DATASET RECORDS:
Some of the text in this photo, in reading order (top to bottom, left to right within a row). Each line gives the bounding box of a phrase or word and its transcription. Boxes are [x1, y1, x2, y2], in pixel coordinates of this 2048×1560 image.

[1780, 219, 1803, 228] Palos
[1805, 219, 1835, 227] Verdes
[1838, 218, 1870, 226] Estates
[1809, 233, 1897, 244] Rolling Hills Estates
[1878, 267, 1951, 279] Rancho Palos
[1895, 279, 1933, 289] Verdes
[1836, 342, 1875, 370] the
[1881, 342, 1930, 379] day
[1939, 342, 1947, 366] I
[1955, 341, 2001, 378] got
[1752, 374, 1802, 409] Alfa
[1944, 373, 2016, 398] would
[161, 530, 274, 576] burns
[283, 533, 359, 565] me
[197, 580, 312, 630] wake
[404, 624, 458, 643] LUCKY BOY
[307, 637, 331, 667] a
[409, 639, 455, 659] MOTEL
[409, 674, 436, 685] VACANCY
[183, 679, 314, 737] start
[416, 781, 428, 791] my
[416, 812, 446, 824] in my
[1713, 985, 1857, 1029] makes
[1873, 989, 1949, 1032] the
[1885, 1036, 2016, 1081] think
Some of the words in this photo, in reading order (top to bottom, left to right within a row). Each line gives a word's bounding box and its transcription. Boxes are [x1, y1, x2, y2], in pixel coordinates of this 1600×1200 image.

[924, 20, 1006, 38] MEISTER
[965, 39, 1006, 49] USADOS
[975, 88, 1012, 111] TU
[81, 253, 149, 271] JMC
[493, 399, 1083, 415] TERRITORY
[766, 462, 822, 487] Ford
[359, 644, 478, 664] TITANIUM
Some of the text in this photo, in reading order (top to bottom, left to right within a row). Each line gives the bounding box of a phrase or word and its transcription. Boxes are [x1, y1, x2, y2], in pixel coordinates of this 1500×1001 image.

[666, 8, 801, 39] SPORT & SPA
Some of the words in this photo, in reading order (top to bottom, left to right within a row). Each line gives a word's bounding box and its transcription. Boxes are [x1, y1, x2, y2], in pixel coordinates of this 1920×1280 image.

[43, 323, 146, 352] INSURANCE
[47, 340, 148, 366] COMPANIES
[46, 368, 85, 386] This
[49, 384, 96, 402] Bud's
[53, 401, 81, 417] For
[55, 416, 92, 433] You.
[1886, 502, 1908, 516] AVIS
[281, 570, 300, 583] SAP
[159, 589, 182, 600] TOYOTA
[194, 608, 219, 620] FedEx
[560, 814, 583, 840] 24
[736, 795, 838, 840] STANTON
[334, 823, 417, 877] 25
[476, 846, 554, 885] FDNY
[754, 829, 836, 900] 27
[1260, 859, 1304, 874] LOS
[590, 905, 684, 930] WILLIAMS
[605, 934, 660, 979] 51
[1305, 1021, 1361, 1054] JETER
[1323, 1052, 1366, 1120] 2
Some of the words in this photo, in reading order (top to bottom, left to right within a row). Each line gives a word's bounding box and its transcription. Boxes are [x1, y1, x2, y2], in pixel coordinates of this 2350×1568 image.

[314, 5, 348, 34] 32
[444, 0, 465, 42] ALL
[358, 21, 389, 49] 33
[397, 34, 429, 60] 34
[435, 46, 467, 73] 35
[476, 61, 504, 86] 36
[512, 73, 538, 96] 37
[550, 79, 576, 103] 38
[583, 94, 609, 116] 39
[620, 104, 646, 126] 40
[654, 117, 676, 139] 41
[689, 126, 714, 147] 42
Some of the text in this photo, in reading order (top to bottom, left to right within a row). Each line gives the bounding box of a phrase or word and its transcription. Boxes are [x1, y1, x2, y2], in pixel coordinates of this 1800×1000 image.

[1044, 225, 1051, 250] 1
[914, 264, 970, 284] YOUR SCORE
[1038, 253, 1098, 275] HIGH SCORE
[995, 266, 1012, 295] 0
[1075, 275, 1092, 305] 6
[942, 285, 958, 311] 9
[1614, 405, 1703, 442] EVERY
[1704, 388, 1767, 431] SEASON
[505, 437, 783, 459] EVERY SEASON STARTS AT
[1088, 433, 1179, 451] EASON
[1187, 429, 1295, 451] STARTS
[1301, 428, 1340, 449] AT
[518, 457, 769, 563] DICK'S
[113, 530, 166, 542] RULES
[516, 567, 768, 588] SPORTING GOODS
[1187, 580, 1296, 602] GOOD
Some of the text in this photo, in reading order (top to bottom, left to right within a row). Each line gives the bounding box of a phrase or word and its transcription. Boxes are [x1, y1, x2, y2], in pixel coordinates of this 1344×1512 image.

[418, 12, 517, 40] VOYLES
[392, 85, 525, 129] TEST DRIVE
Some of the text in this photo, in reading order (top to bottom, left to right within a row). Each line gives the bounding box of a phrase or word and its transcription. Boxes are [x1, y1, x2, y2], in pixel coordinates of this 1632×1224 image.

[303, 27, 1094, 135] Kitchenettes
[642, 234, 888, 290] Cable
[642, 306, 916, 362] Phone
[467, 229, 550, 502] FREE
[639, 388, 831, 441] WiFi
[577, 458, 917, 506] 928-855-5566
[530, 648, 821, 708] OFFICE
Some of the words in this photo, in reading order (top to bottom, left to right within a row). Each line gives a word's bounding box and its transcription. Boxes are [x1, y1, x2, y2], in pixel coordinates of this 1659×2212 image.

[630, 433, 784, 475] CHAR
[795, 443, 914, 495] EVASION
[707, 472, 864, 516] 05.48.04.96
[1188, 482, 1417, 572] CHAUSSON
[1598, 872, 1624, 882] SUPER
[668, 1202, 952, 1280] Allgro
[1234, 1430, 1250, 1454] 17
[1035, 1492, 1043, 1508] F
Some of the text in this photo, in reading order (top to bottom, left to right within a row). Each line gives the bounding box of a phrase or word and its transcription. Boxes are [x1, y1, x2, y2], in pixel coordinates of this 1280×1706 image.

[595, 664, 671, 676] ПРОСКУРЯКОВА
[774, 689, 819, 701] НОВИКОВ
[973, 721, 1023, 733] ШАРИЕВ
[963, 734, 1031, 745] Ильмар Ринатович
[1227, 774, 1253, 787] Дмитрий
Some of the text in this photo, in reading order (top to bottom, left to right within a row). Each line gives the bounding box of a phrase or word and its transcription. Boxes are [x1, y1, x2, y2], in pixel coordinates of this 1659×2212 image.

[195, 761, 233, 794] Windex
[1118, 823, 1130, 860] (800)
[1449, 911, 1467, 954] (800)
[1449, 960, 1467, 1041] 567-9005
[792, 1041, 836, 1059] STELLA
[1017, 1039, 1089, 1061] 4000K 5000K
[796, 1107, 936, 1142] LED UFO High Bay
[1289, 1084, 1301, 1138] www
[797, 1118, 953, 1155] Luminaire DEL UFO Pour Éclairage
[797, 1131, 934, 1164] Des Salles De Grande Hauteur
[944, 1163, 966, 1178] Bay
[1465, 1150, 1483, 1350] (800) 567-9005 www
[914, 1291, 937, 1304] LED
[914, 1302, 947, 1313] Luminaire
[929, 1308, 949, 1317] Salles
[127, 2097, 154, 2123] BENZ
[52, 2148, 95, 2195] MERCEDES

REQUIREMENT:
Every line of the material needs to be returned exactly.

REPLY:
Some of the text in this photo, in reading order (top to bottom, left to right within a row). Each line gives the bounding box of a phrase or word and its transcription. Boxes are [x1, y1, x2, y2], in pixel coordinates of this 2048×1560 image.

[1780, 219, 1803, 228] Palos
[1805, 219, 1835, 227] Verdes
[1838, 218, 1870, 226] Estates
[1809, 233, 1897, 244] Rolling Hills Estates
[1878, 267, 1951, 279] Rancho Palos
[1895, 279, 1933, 289] Verdes
[1836, 342, 1875, 370] the
[1881, 342, 1930, 379] day
[1939, 342, 1947, 366] I
[1955, 341, 2001, 378] got
[1752, 374, 1802, 409] Alfa
[1944, 373, 2016, 398] would
[161, 530, 274, 576] burns
[283, 533, 359, 565] me
[197, 580, 312, 630] wake
[404, 624, 458, 643] LUCKY BOY
[307, 637, 331, 667] a
[409, 639, 455, 659] MOTEL
[409, 674, 436, 685] VACANCY
[183, 679, 314, 737] start
[416, 781, 428, 791] my
[416, 812, 446, 824] in my
[1713, 985, 1857, 1029] makes
[1873, 989, 1949, 1032] the
[1885, 1036, 2016, 1081] think
Some of the words in this photo, in reading order (top to bottom, left to right within a row). Each line gives a word's bounding box and its transcription. Boxes are [x1, y1, x2, y2], in pixel coordinates of this 1600×1200 image.

[924, 20, 1006, 38] MEISTER
[965, 39, 1006, 49] USADOS
[975, 88, 1012, 111] TU
[81, 253, 149, 271] JMC
[493, 399, 1083, 415] TERRITORY
[766, 462, 822, 487] Ford
[359, 644, 478, 664] TITANIUM
Some of the text in this photo, in reading order (top to bottom, left to right within a row). Each line gives the bounding box of a phrase or word and its transcription. Boxes are [x1, y1, x2, y2], in pixel coordinates of this 1500×1001 image.

[666, 8, 801, 39] SPORT & SPA
Some of the words in this photo, in reading order (top to bottom, left to right within a row). Each line gives a word's bounding box and its transcription. Boxes are [x1, y1, x2, y2], in pixel coordinates of this 1920×1280 image.

[43, 323, 146, 352] INSURANCE
[47, 340, 148, 366] COMPANIES
[46, 368, 85, 386] This
[49, 384, 96, 402] Bud's
[53, 401, 81, 417] For
[55, 416, 92, 433] You.
[1886, 502, 1908, 516] AVIS
[281, 570, 300, 583] SAP
[159, 589, 182, 600] TOYOTA
[194, 608, 219, 620] FedEx
[560, 814, 583, 840] 24
[736, 795, 838, 840] STANTON
[334, 823, 417, 877] 25
[476, 846, 554, 885] FDNY
[754, 829, 836, 900] 27
[1260, 859, 1304, 874] LOS
[590, 905, 684, 930] WILLIAMS
[605, 934, 660, 979] 51
[1305, 1021, 1361, 1054] JETER
[1323, 1052, 1366, 1120] 2
Some of the words in this photo, in reading order (top to bottom, left to right within a row). Each line gives a word's bounding box and its transcription. Boxes are [x1, y1, x2, y2], in pixel coordinates of this 2350×1568 image.

[314, 5, 348, 34] 32
[444, 0, 465, 42] ALL
[358, 21, 389, 49] 33
[397, 34, 429, 60] 34
[435, 46, 467, 73] 35
[476, 61, 504, 86] 36
[512, 73, 538, 96] 37
[550, 79, 576, 103] 38
[583, 94, 609, 116] 39
[620, 104, 646, 126] 40
[654, 117, 676, 139] 41
[689, 126, 714, 147] 42
Some of the text in this photo, in reading order (top to bottom, left to right within a row). Each line gives the bounding box of a phrase or word and its transcription. Boxes are [x1, y1, x2, y2], in pixel coordinates of this 1800×1000 image.

[1044, 225, 1051, 250] 1
[914, 264, 970, 284] YOUR SCORE
[1038, 253, 1098, 275] HIGH SCORE
[995, 266, 1012, 295] 0
[1075, 275, 1092, 305] 6
[942, 285, 958, 311] 9
[1614, 405, 1703, 442] EVERY
[1704, 388, 1767, 431] SEASON
[505, 437, 783, 459] EVERY SEASON STARTS AT
[1088, 433, 1179, 451] EASON
[1187, 429, 1295, 451] STARTS
[1301, 428, 1340, 449] AT
[518, 457, 769, 563] DICK'S
[113, 530, 166, 542] RULES
[516, 567, 768, 588] SPORTING GOODS
[1187, 580, 1296, 602] GOOD
Some of the text in this photo, in reading order (top to bottom, left to right within a row). Each line gives the bounding box of a phrase or word and its transcription. Boxes are [x1, y1, x2, y2], in pixel coordinates of this 1344×1512 image.

[418, 12, 517, 40] VOYLES
[392, 85, 525, 129] TEST DRIVE
Some of the text in this photo, in reading order (top to bottom, left to right within a row). Each line gives the bounding box of a phrase or word and its transcription. Boxes are [x1, y1, x2, y2], in pixel coordinates of this 1632×1224 image.

[303, 27, 1094, 135] Kitchenettes
[642, 234, 888, 290] Cable
[642, 306, 916, 362] Phone
[467, 229, 550, 502] FREE
[639, 388, 831, 441] WiFi
[577, 458, 917, 506] 928-855-5566
[530, 648, 821, 708] OFFICE
Some of the words in this photo, in reading order (top to bottom, left to right within a row). Each line gives a word's bounding box and its transcription. Boxes are [x1, y1, x2, y2], in pixel coordinates of this 1659×2212 image.

[630, 433, 784, 475] CHAR
[795, 443, 914, 495] EVASION
[707, 472, 864, 516] 05.48.04.96
[1188, 482, 1417, 572] CHAUSSON
[1598, 872, 1624, 882] SUPER
[668, 1202, 952, 1280] Allgro
[1234, 1430, 1250, 1454] 17
[1035, 1492, 1043, 1508] F
Some of the text in this photo, in reading order (top to bottom, left to right within a row). Each line gives the bounding box of a phrase or word and its transcription. Boxes are [x1, y1, x2, y2], in pixel coordinates of this 1280×1706 image.

[595, 664, 671, 676] ПРОСКУРЯКОВА
[774, 689, 819, 701] НОВИКОВ
[973, 721, 1023, 733] ШАРИЕВ
[963, 734, 1031, 745] Ильмар Ринатович
[1227, 774, 1253, 787] Дмитрий
Some of the text in this photo, in reading order (top to bottom, left to right within a row). Each line gives the bounding box of a phrase or word and its transcription. Boxes are [x1, y1, x2, y2], in pixel coordinates of this 1659×2212 image.

[195, 761, 233, 794] Windex
[1118, 823, 1130, 860] (800)
[1449, 911, 1467, 954] (800)
[1449, 960, 1467, 1041] 567-9005
[792, 1041, 836, 1059] STELLA
[1017, 1039, 1089, 1061] 4000K 5000K
[796, 1107, 936, 1142] LED UFO High Bay
[1289, 1084, 1301, 1138] www
[797, 1118, 953, 1155] Luminaire DEL UFO Pour Éclairage
[797, 1131, 934, 1164] Des Salles De Grande Hauteur
[944, 1163, 966, 1178] Bay
[1465, 1150, 1483, 1350] (800) 567-9005 www
[914, 1291, 937, 1304] LED
[914, 1302, 947, 1313] Luminaire
[929, 1308, 949, 1317] Salles
[127, 2097, 154, 2123] BENZ
[52, 2148, 95, 2195] MERCEDES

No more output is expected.